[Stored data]
============

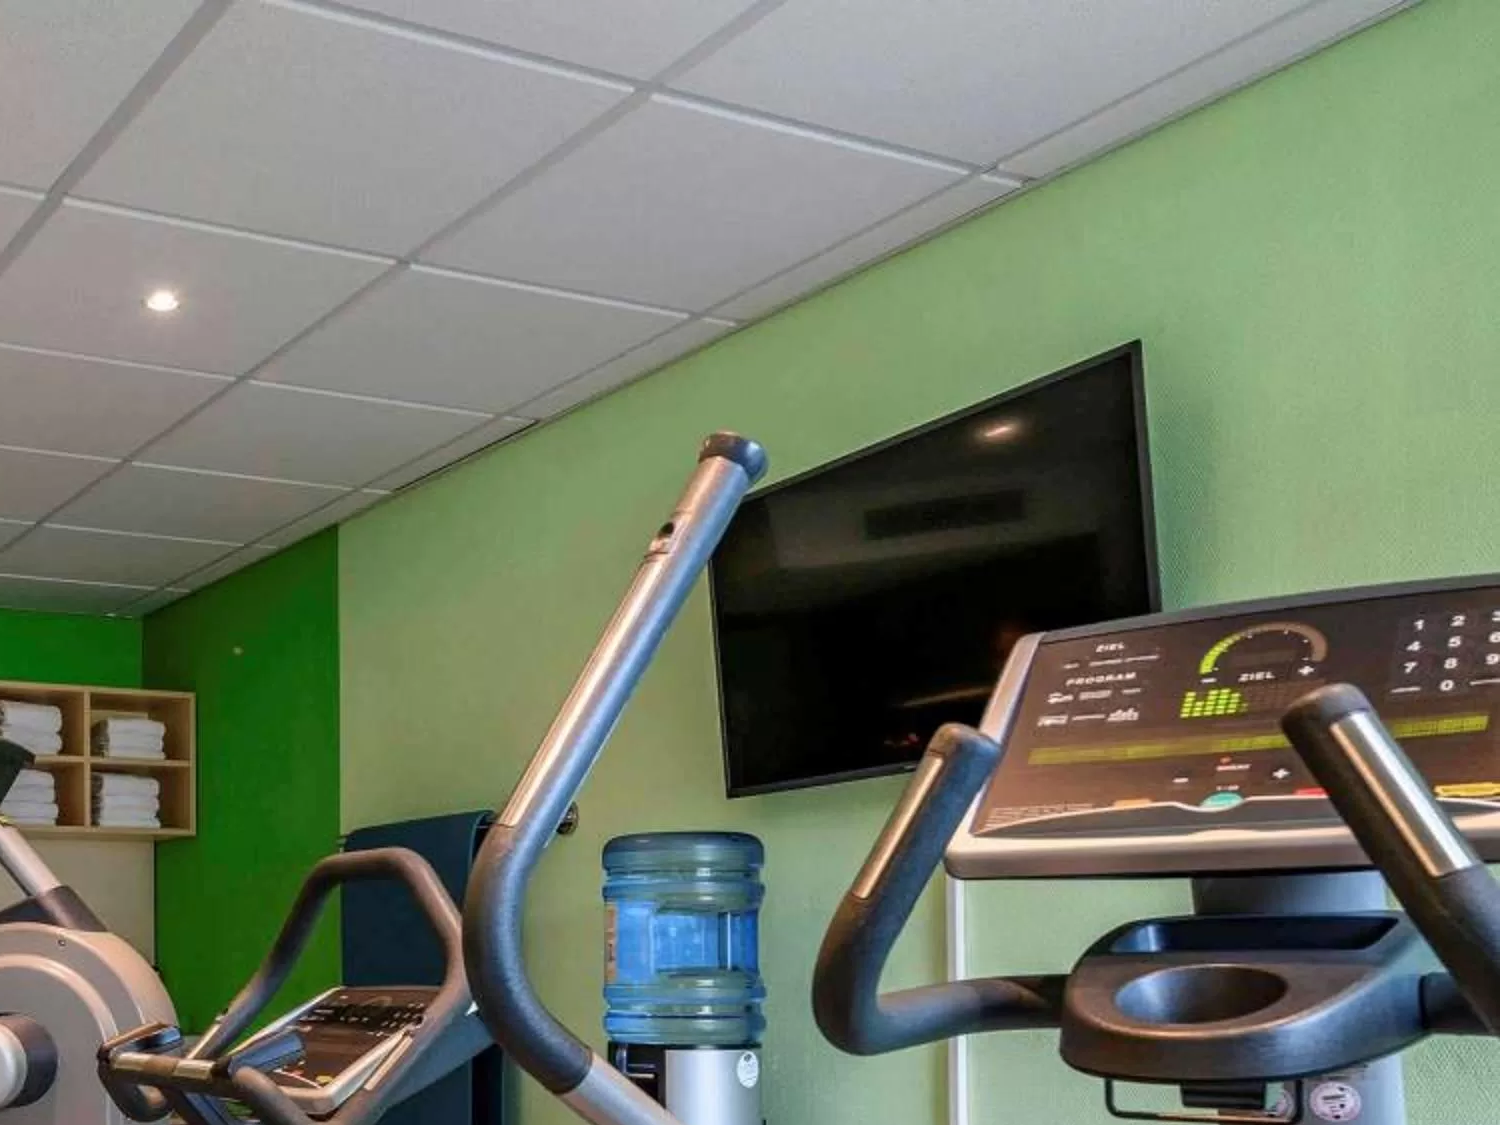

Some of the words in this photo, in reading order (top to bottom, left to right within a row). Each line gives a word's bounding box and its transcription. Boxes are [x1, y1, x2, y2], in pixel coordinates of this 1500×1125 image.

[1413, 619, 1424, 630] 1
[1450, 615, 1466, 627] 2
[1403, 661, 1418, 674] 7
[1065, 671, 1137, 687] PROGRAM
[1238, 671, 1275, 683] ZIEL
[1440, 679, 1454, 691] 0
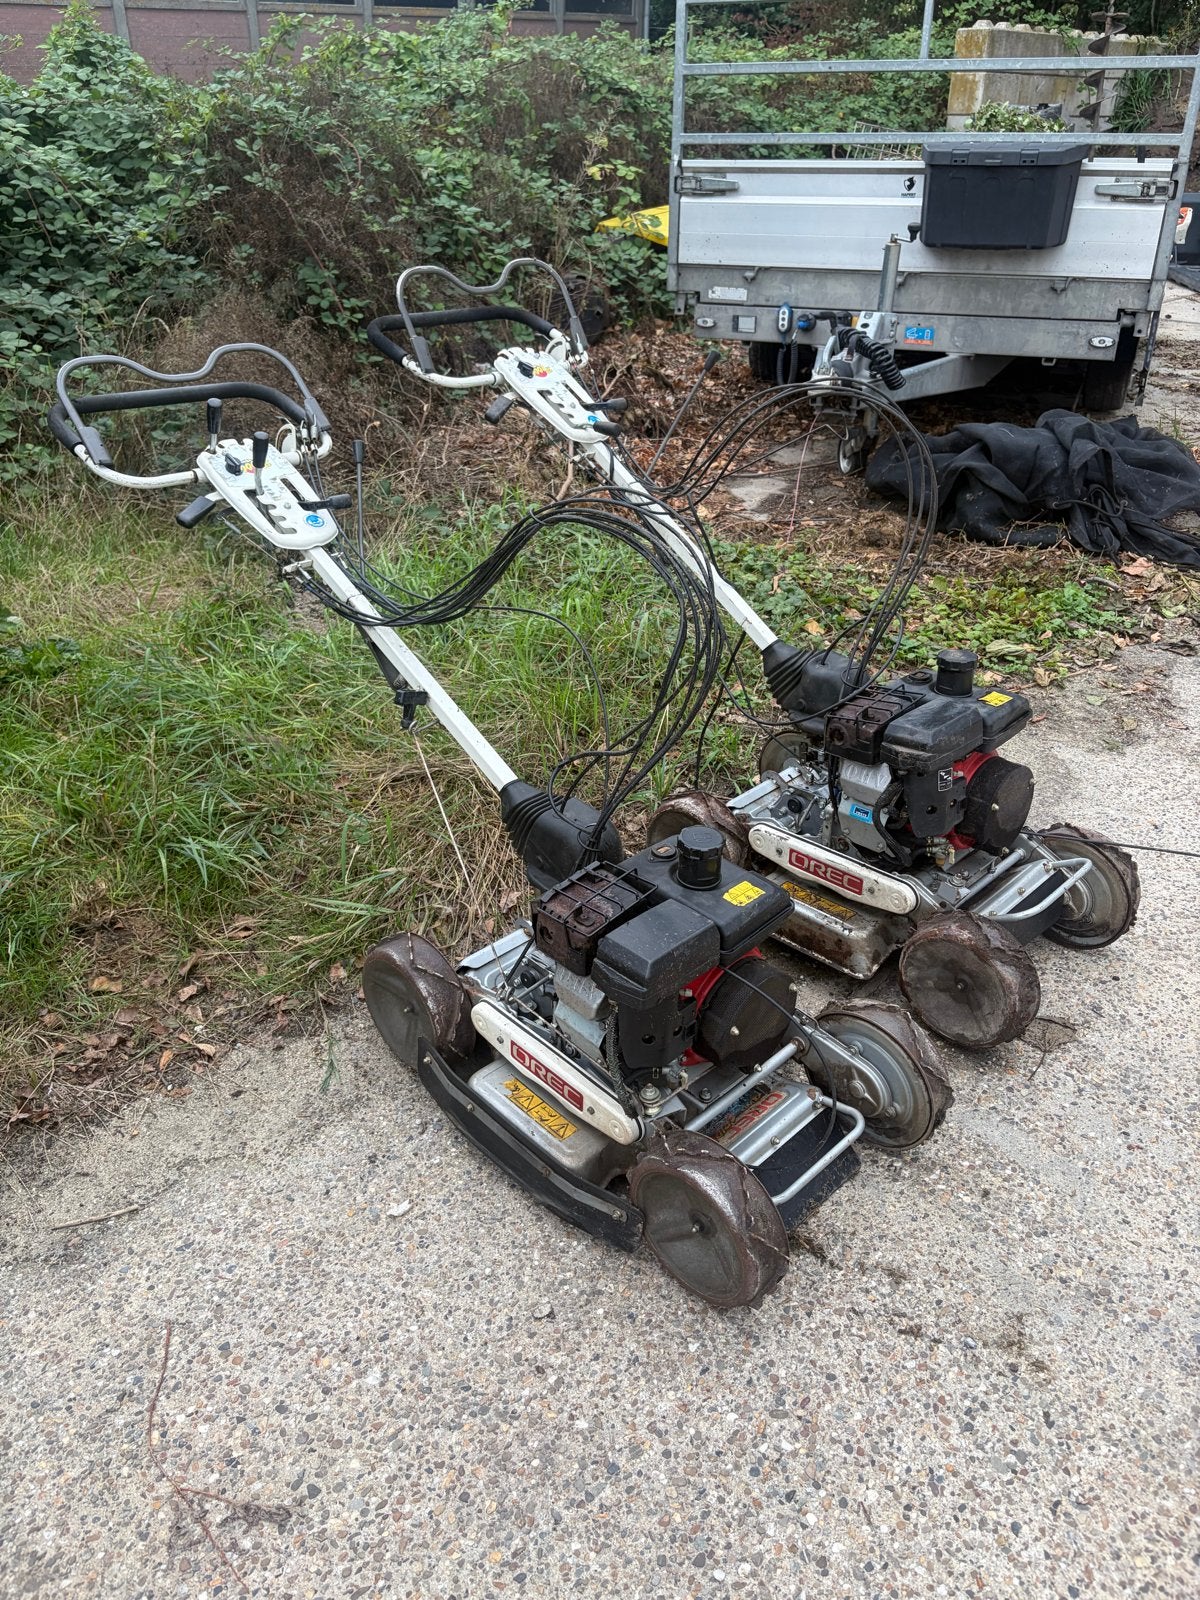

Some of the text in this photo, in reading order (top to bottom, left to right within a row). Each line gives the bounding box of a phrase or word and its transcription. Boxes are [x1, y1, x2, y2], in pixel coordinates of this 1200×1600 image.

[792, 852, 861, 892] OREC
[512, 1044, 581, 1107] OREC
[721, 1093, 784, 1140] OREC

============

■ What is expected
Copy out every line above without change, dropping the pictures.

■ Response to this exercise
Some of the words in this photo, in reading order (top to bottom, left to right within a row). Each line gives a word's bounding box and its transcription. Boxes are [x1, y1, x2, y2], in pixel coordinates of this 1500×1125 image.

[1413, 619, 1424, 630] 1
[1450, 615, 1466, 627] 2
[1403, 661, 1418, 674] 7
[1065, 671, 1137, 687] PROGRAM
[1238, 671, 1275, 683] ZIEL
[1440, 679, 1454, 691] 0

Some of the text in this photo, in reading order (top to bottom, left to right within a row). Each line gives the bounding box of a phrase or word and its transcription. Boxes are [x1, y1, x2, y2], in pixel coordinates of this 1200×1600 image.

[792, 852, 861, 892] OREC
[512, 1044, 581, 1107] OREC
[721, 1093, 784, 1140] OREC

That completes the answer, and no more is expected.